During the pandemic, I have listened to dozens and dozens of press briefings with New York Governor Andrew Cuomo. I appreciated his updates on COVID, the latest medical findings, and what New York was doing to address the illness and all the other issues that arose from it. I live in upstate New York, so the information he provided was especially relevant to me, but there were many around the United States and even abroad who tuned in.
In recent weeks, there have been legislators and press members who have been critical of the governor and his administration’s handling of the reporting of deaths in relation to nursing homes. The state reported deaths by where they occurred; people who died in hospitals were reported as hospital deaths, even if they had been nursing home residents prior to hospital admission. This was the state’s consistent practice and one which was straightforward and easy to compile from death certificates. All COVID deaths in the state were reported, categorized by place of death.
The problem arose because legislators and the press wanted to know how many nursing home residents later died in hospitals and how many formerly hospitalized patients died in nursing homes.
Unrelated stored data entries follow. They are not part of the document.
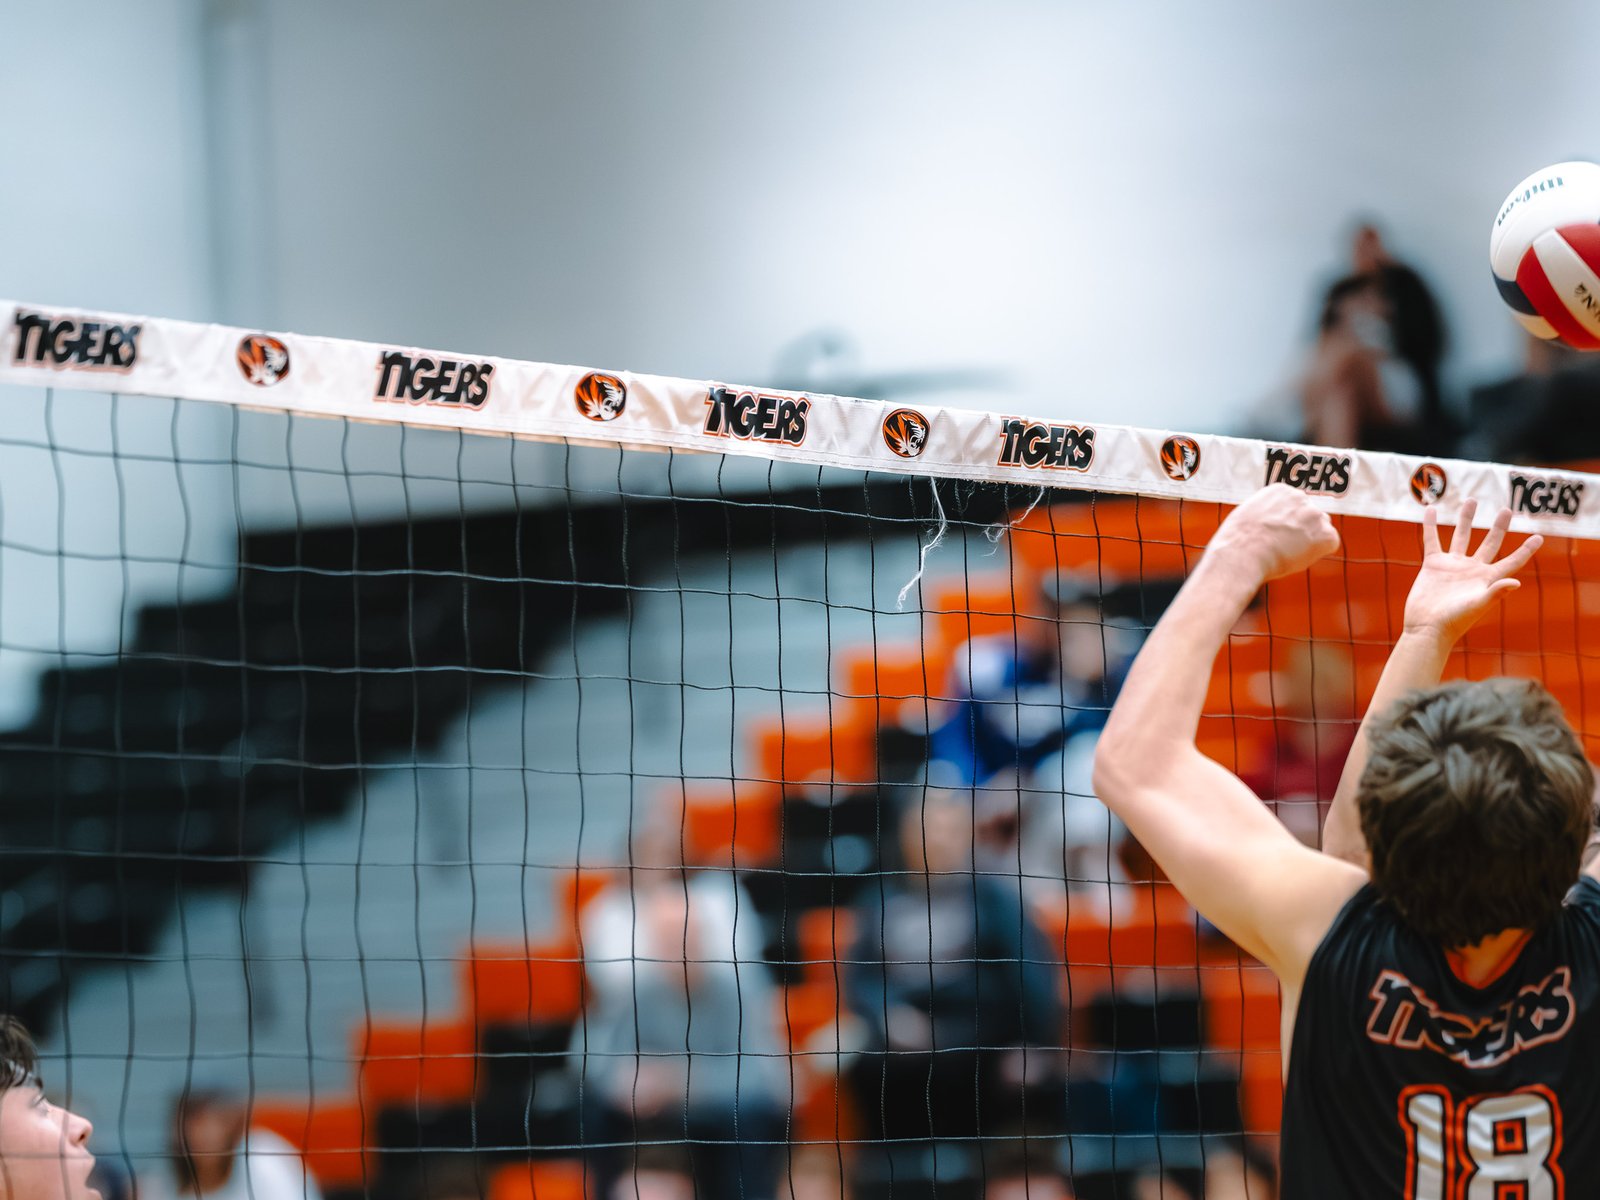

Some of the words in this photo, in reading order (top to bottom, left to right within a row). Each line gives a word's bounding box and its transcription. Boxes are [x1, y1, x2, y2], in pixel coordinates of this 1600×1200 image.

[14, 310, 142, 370] TIGERS
[376, 350, 494, 407] TIGERS
[703, 385, 811, 446] TIGERS
[998, 415, 1097, 472] TIGERS
[1264, 446, 1351, 497] TIGERS
[1509, 471, 1585, 518] TIGERS
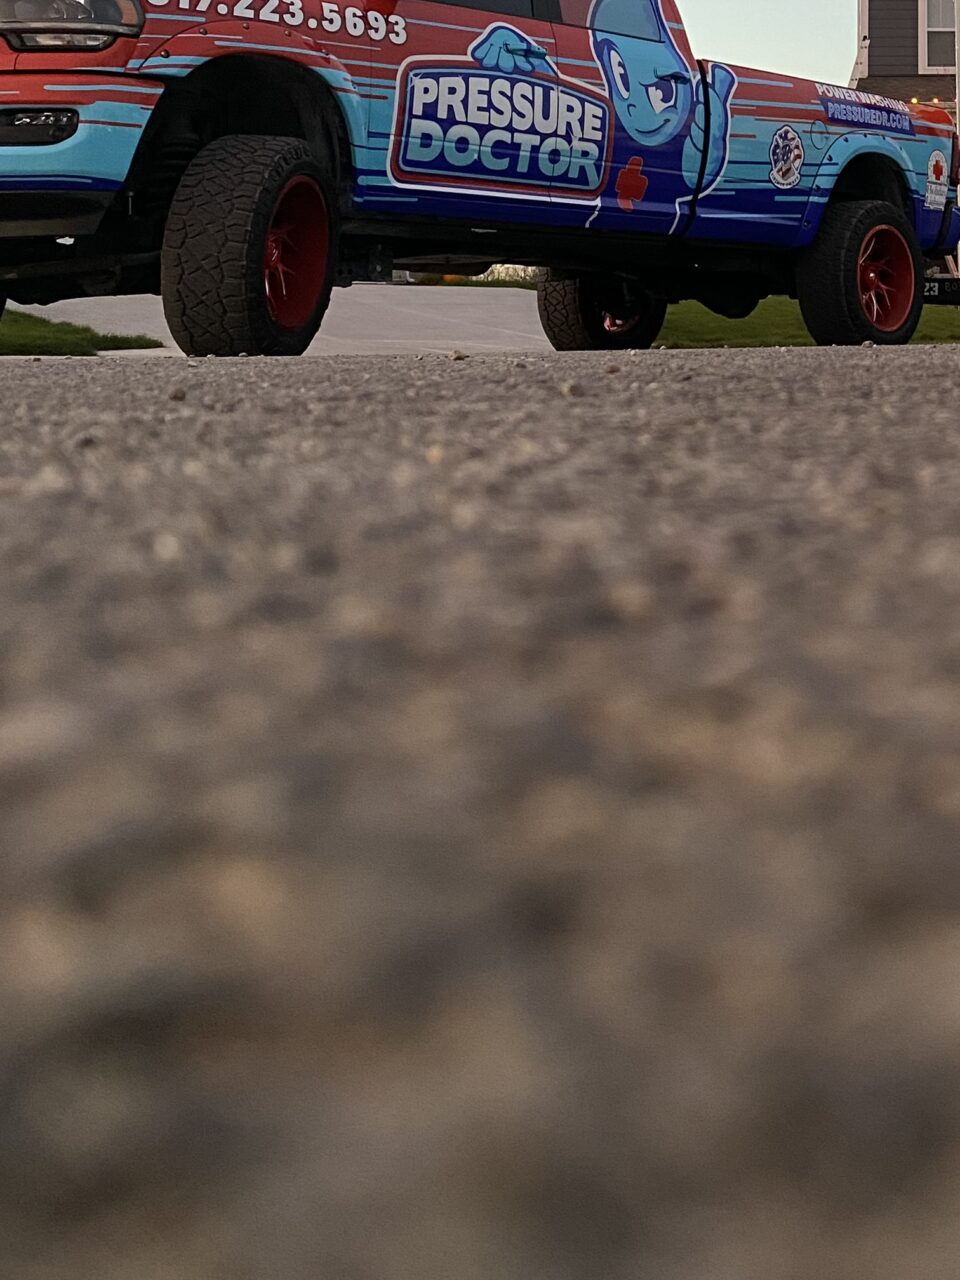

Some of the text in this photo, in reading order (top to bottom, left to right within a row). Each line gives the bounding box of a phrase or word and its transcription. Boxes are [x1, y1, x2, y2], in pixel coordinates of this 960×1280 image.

[412, 75, 603, 141] PRESSURE
[814, 82, 910, 112] POWER WASHING
[827, 101, 910, 130] PRESSUREDR.COM
[405, 119, 601, 187] DOCTOR
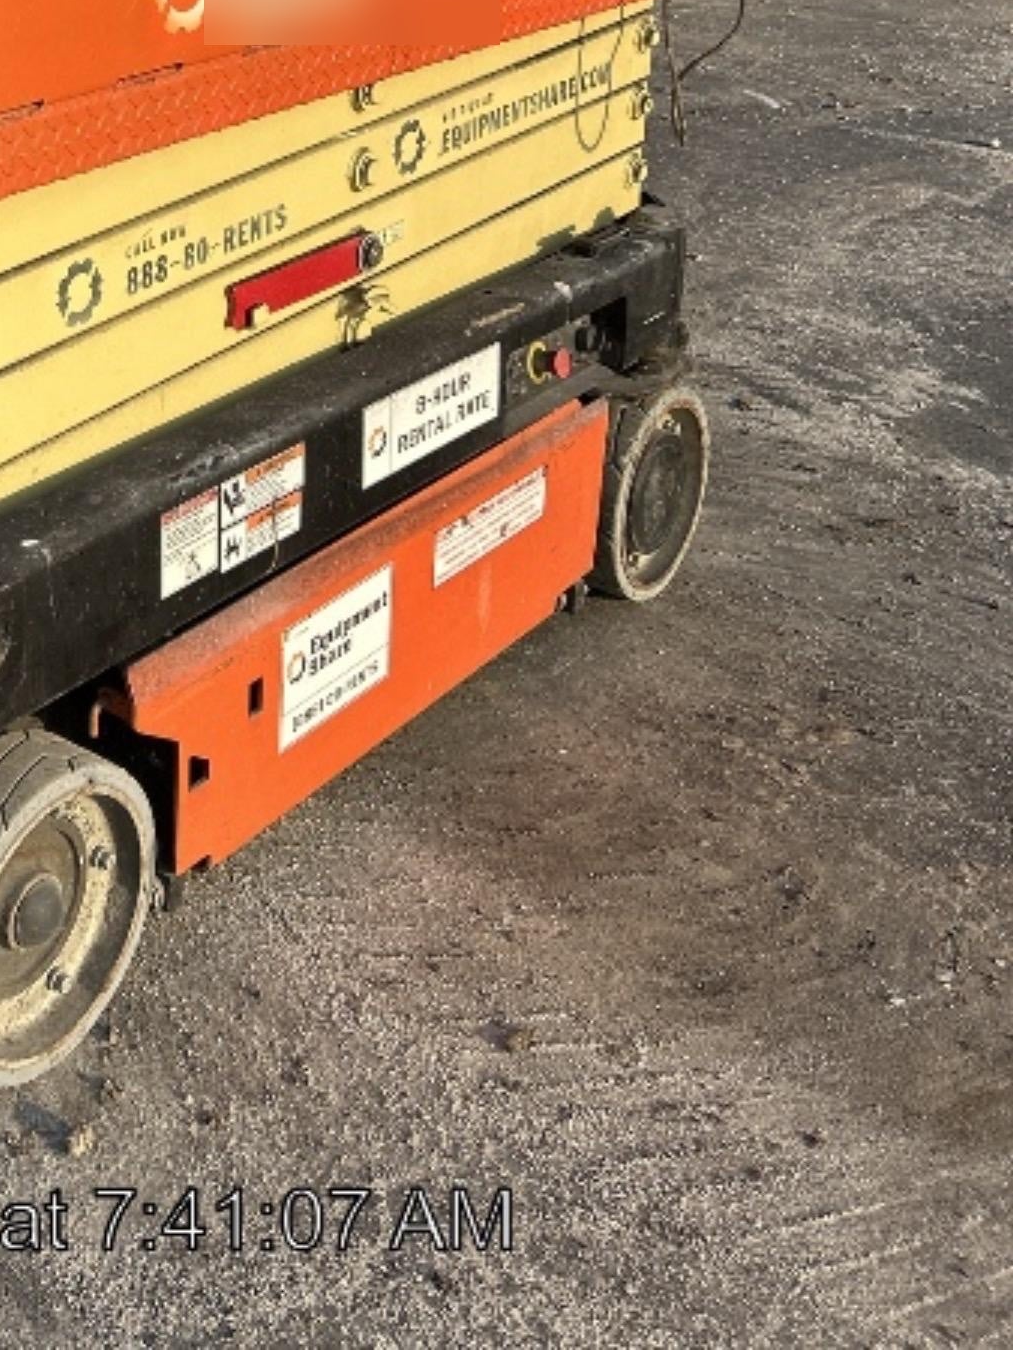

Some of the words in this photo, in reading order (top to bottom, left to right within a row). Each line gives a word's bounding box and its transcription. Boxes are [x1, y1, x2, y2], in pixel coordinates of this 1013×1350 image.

This information is more difficult to compile and the governor’s staff, who worked seven days a week for months on end, did not have time to comb through all the records to assemble a report. Unfortunately, this was perceived as a cover-up of something nefarious and things have gotten totally out of hand with accusations flying everywhere.
I am annoyed at those in the legislature who are upset with the governor over this. When they requested the information they were not in session. Like many states, the New York legislature only convenes part of the year, usually January through June. If the legislature wanted this information, they could have offered to have the legislative staff compile it, rather than expecting the executive staff to add it to their already long list of duties.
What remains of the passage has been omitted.